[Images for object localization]
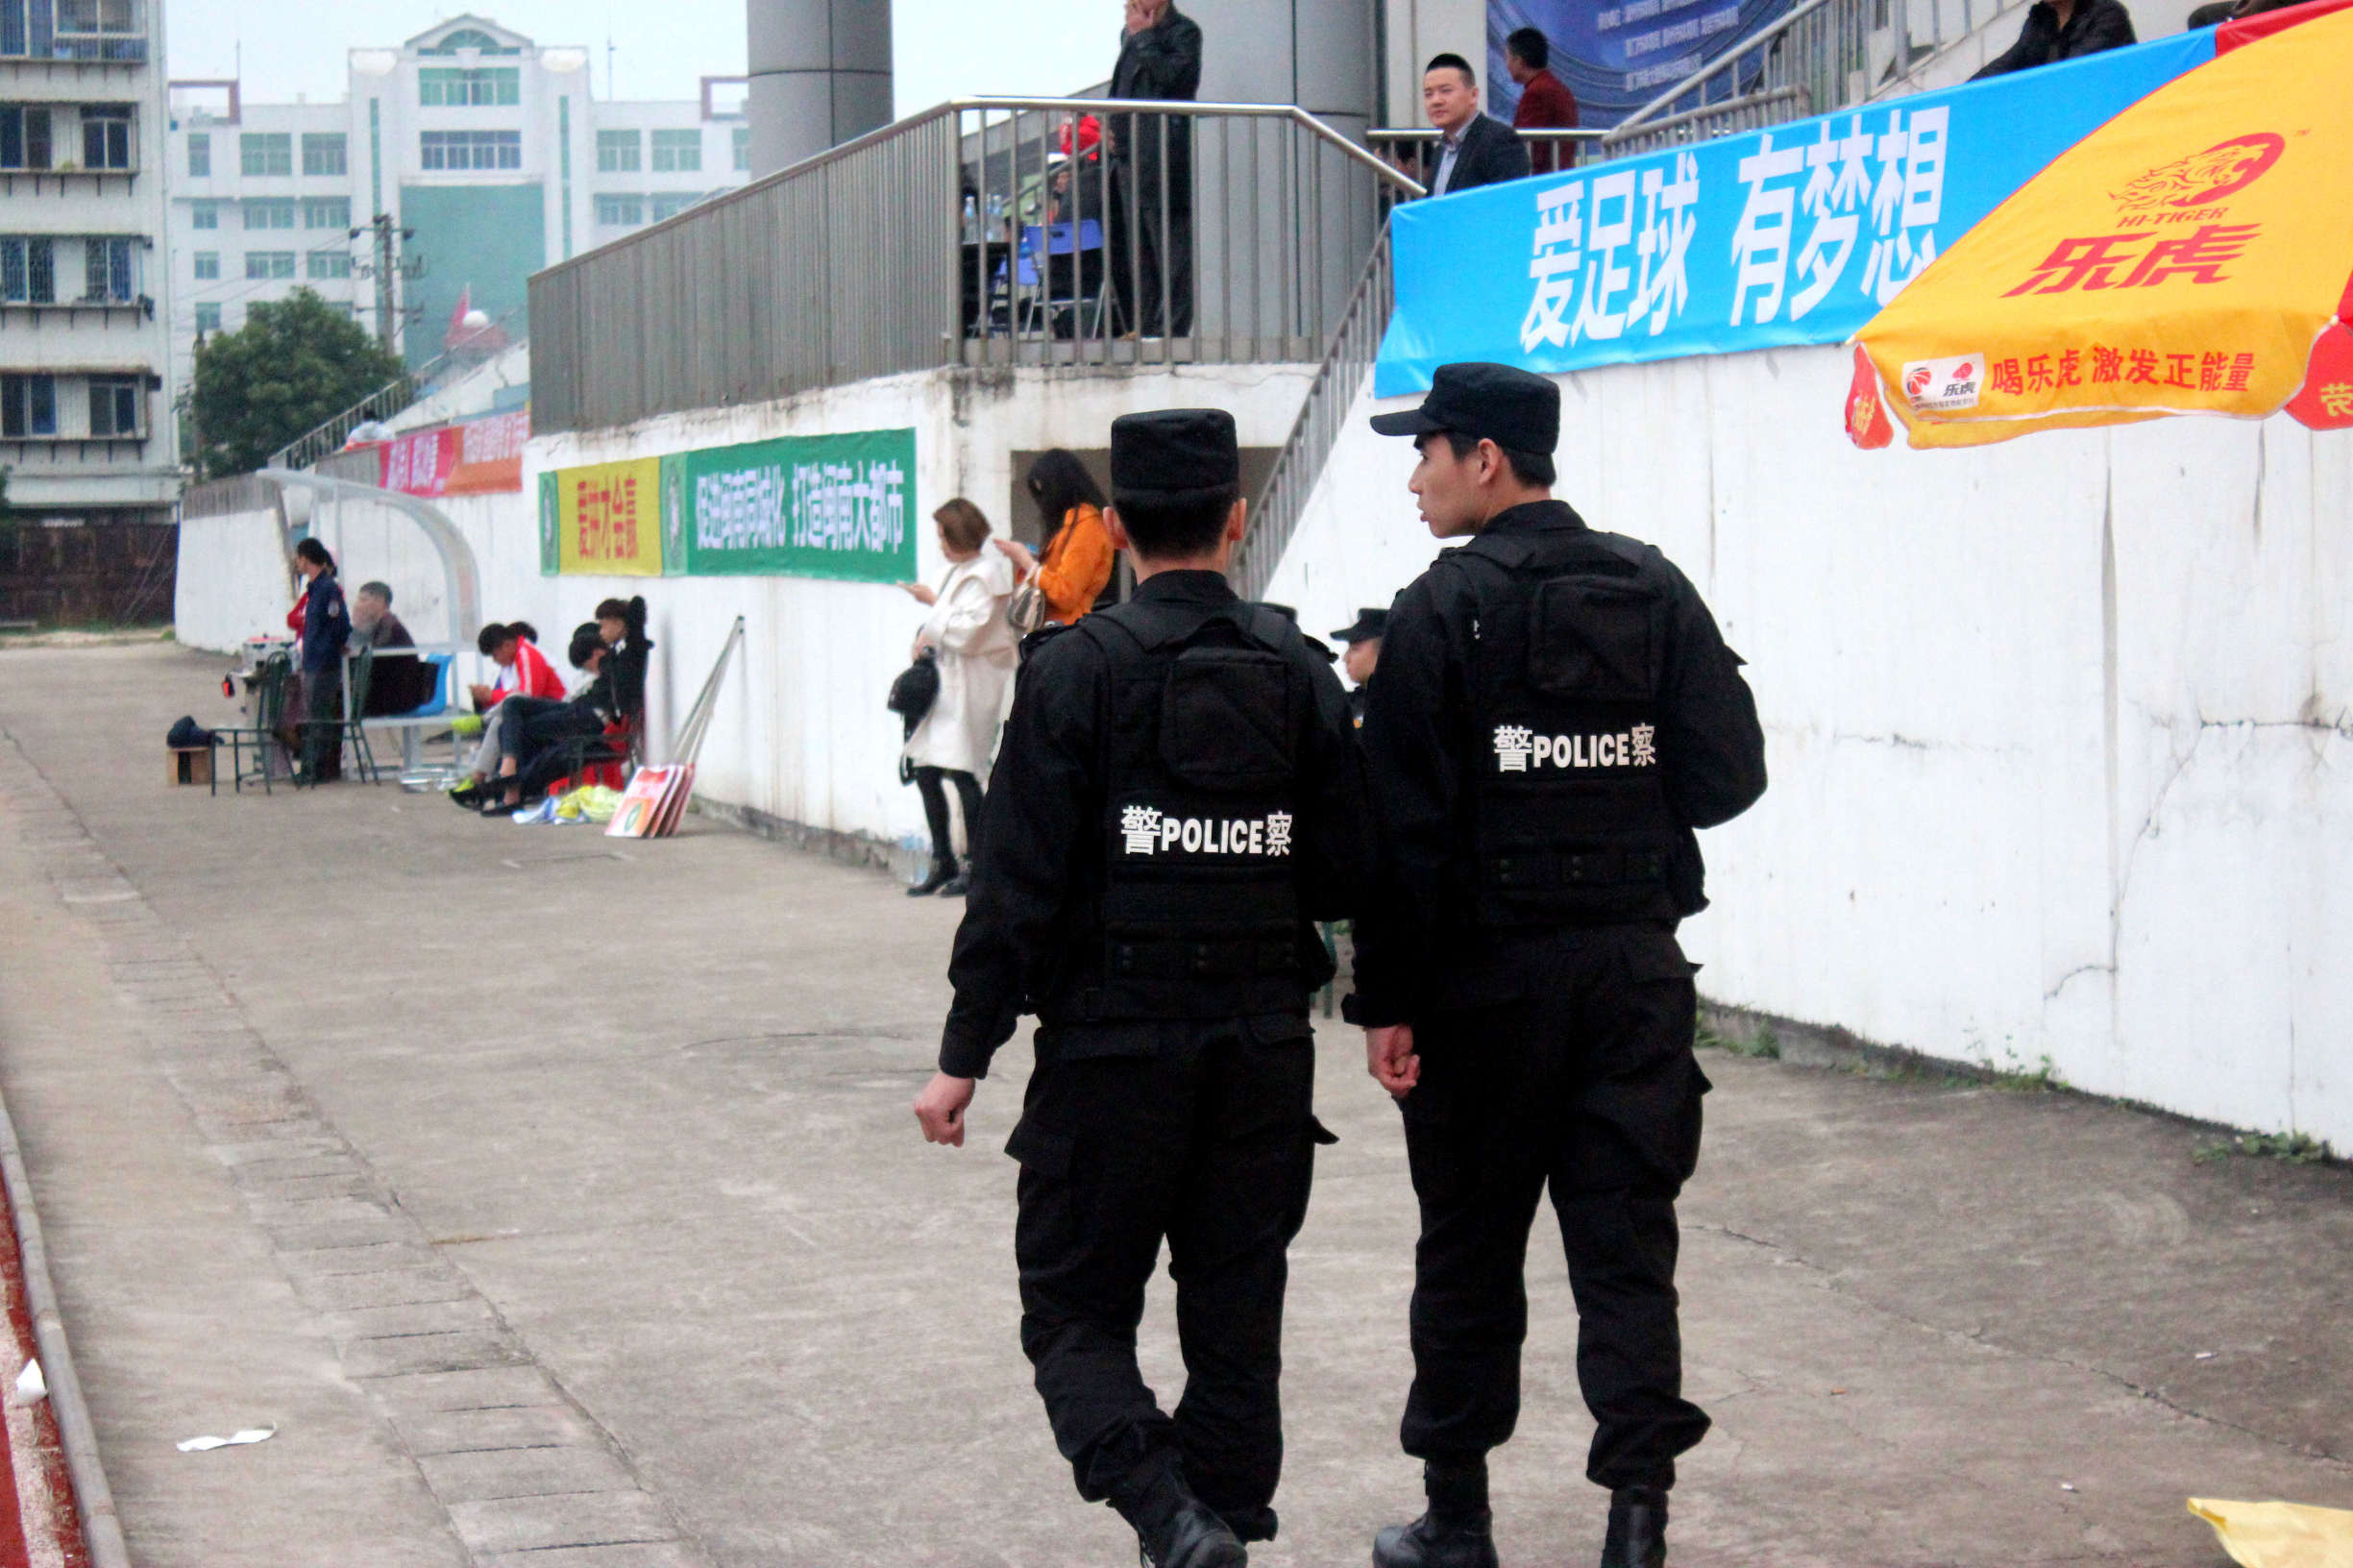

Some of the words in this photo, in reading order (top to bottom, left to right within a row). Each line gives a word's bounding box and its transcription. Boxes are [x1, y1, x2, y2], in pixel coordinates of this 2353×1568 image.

[1520, 152, 1699, 353] 爱足球
[1730, 105, 1949, 328] 有梦想
[2117, 207, 2229, 229] HI-TIGER
[2000, 222, 2262, 298] 乐虎
[1991, 349, 2083, 396] 喝乐虎
[2091, 346, 2256, 393] 激发正能量

Task objective -
In the transcription, every picture is to be excluded and the records above given again exactly.

Solution to this exercise -
Some of the words in this photo, in reading order (top to bottom, left to right within a row). Each line gives a word's bounding box and its transcription. Boxes are [x1, y1, x2, y2], in pixel coordinates of this 2353×1568 image.

[1520, 152, 1699, 353] 爱足球
[1730, 105, 1949, 328] 有梦想
[2117, 207, 2229, 229] HI-TIGER
[2000, 222, 2262, 298] 乐虎
[1991, 349, 2083, 396] 喝乐虎
[2091, 346, 2256, 393] 激发正能量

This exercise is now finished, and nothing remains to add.